**Exercise**
Write the data out again exactly, dropping any images it holds.
%%
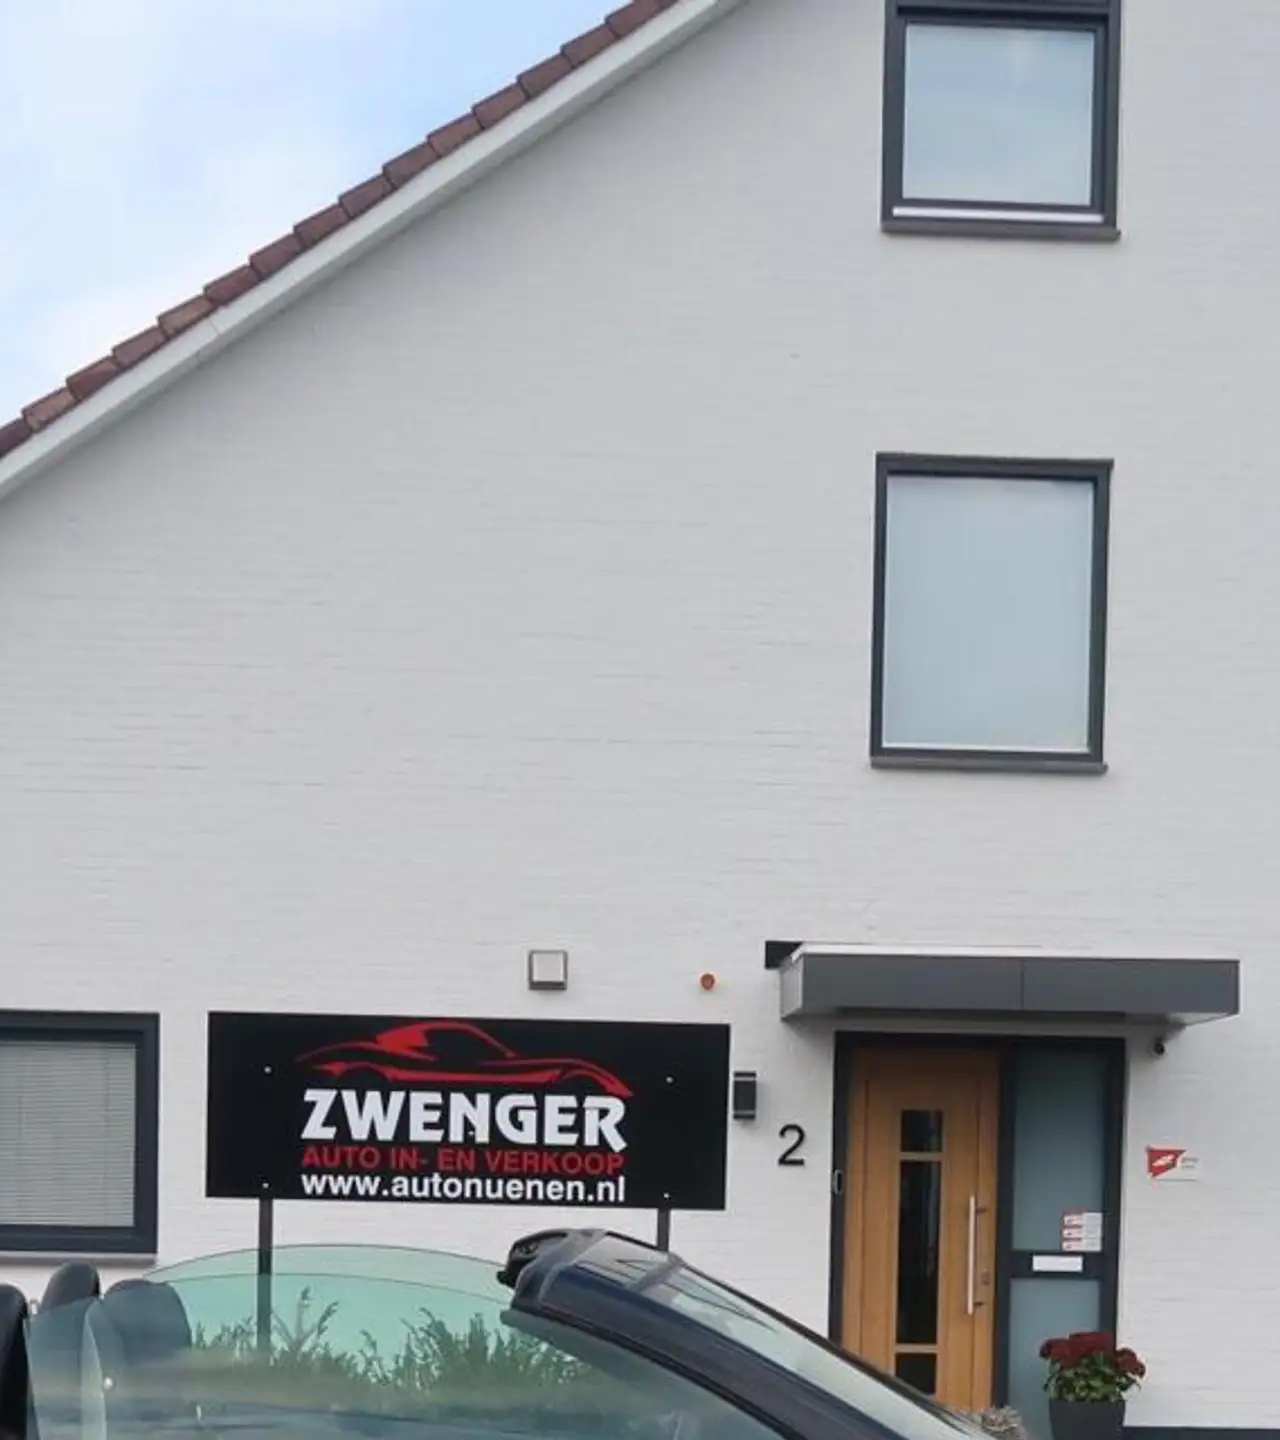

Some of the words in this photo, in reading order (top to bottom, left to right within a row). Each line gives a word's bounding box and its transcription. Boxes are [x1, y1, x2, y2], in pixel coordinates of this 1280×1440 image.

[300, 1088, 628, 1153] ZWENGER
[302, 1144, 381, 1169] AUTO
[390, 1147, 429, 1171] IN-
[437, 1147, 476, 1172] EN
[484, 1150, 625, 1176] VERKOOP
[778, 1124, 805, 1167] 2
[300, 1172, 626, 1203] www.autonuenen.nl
%%
**Solved exercise**
Some of the words in this photo, in reading order (top to bottom, left to right within a row). Each line gives a word's bounding box and its transcription. Boxes are [x1, y1, x2, y2], in pixel coordinates of this 1280×1440 image.

[300, 1088, 628, 1153] ZWENGER
[302, 1144, 381, 1169] AUTO
[390, 1147, 429, 1171] IN-
[437, 1147, 476, 1172] EN
[484, 1150, 625, 1176] VERKOOP
[778, 1124, 805, 1167] 2
[300, 1172, 626, 1203] www.autonuenen.nl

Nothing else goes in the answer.